Total Posts:8|Showing Posts:1-8
Jump to topic:

Can anyone explain the value of stocks to me?

Khaos_Mage
Posts: 23,214
Add as Friend
Challenge to a Debate
Send a Message
3/24/2014 11:45:22 AM
Posted: 2 years ago
This is more of an accounting question in a way, but...

Why do companies care so much about the value of their stock?
Outside of stock options and bonuses, and the future issuance of stock, why does a company care? They have their equity.
My work here is, finally, done.
blaze8
Posts: 164
Add as Friend
Challenge to a Debate
Send a Message
3/24/2014 12:59:17 PM
Posted: 2 years ago
At 3/24/2014 11:45:22 AM, Khaos_Mage wrote:
This is more of an accounting question in a way, but...

Why do companies care so much about the value of their stock?
Outside of stock options and bonuses, and the future issuance of stock, why does a company care? They have their equity.
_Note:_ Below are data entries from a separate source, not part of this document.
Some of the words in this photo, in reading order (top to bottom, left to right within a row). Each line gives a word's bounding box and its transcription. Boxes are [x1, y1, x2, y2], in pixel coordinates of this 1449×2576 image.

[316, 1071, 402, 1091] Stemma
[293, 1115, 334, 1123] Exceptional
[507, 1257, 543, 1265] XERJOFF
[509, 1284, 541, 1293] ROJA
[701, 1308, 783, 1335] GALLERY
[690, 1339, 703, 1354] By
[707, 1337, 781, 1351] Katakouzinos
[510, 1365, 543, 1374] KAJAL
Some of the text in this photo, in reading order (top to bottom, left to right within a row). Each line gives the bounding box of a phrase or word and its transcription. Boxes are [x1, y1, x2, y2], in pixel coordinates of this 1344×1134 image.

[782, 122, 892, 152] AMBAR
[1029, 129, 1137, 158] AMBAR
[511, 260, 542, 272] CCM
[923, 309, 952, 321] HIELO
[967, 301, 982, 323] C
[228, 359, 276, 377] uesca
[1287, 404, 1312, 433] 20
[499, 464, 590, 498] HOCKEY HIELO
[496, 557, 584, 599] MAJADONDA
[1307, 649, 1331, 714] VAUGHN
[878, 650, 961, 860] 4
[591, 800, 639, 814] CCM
Isn't stock itself a form of equity? Shareholder equity, I think? Anyway, when someone buys stock, they become a shareholder. Common stock usually comes with a provision for dividends to be provided to the shareholder. Dividends come from profits. Thus, the value of a stock is linked partially to the dividends paid to the shareholder, and strong dividends attracts more shareholders and can be taken as a sign of a healthy company under it's current management. If stock values decrease, the threat of a merger or acquisition looms, and no one in a high-level management position or the Board of Executives wants to lose their job. Thus, the company has a vested interest in raising the value of it's stocks.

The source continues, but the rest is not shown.